May 2024 KLG Newsletter

Case Law Update – Matthews v. CGI IT UK Ltd [2024]

Unfair dismissal:In a rare case, the Employment Appeal Tribunal (EAT) has ruled that dismissal was fair despite the employer not adhering to any formal dismissal process. The claimant had been at risk of redundancy, but the process was halted after he successfully filed a grievance claim about being placed at risk. The grievance also included allegations that his line manager had undermined and scapegoated him, but these allegations were not upheld.
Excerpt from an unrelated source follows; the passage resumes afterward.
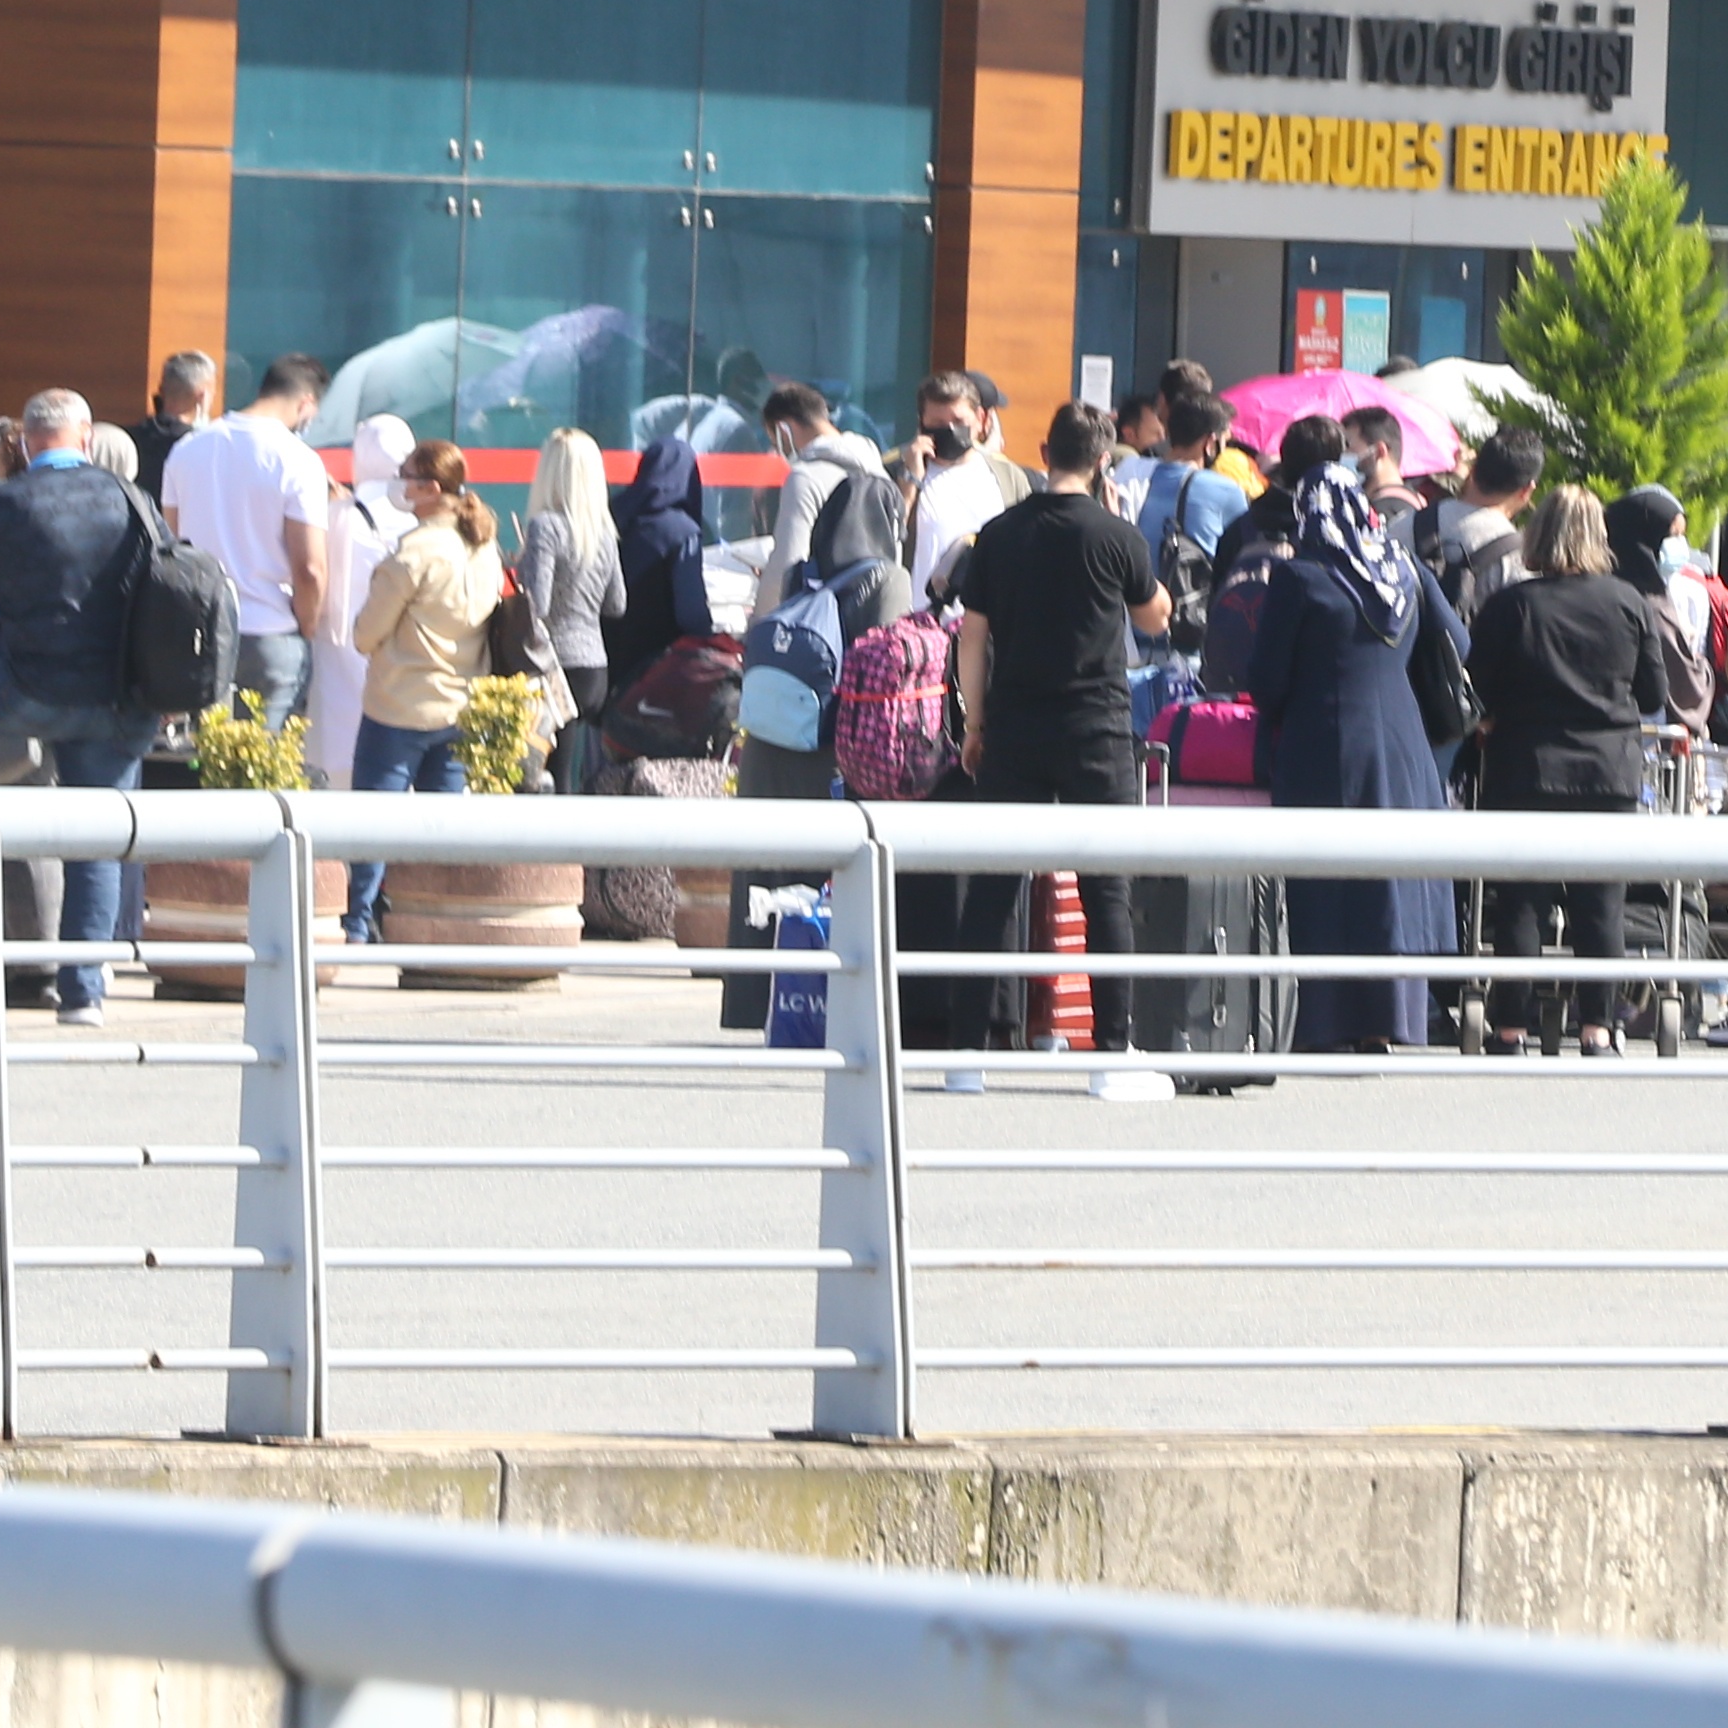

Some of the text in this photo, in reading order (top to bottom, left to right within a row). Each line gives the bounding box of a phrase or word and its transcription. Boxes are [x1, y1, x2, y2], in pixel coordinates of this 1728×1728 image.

Following this, the employer made efforts to mend the relationship with the claimant and to keep him employed, but the claimant, who was on sick leave at the time, refused to cooperate. The Employment Tribunal (ET) found that the claimant imposed unreasonable conditions for his return to work, became confrontational, and threatened further grievances, tribunal claims, and referrals to the employer’s ethics team. A more senior line manager considered that the relationship had broken down so much that it was incapable of repair, and the claimant was dismissed without a warning and with no right of appeal.

The EAT found that in all the circumstances, this did not constitute an unfair dismissal, although the EAT acknowledged it was an unusual and rare case. As such, prudent employers should nonetheless continue to follow a dismissal process as this remains an essential part of a fair dismissal, other than in truly exceptional circumstances.

Government consults on clarifications to TUPE

The government has announced a consultation seeking views on proposals to clarify two aspects of TUPE legislation:

  1. Making it explicit that TUPE does not apply to limb (b) workers and is applicable only to employees.

A first instance employment tribunal decision had created uncertainty as to the scope of application of TUPE to workers. The consultation, therefore, proposes amending the definition of “employee” within TUPE to explicitly state that limb (b) workers do not fall within the scope of protection of TUPE.

  1. Where a business or service transfers to multiple buyers or service providers, TUPE will require that the whole (not part) of an employee’s role transfers to a single employer (rather than having their employment split between multiple buyers or service providers).

The consultation highlights the risks involved when employees are required to work across multiple sites and the complexities related to dividing employees’ terms and conditions among multiple employers. It remains unclear how this proposal would be implemented in practice.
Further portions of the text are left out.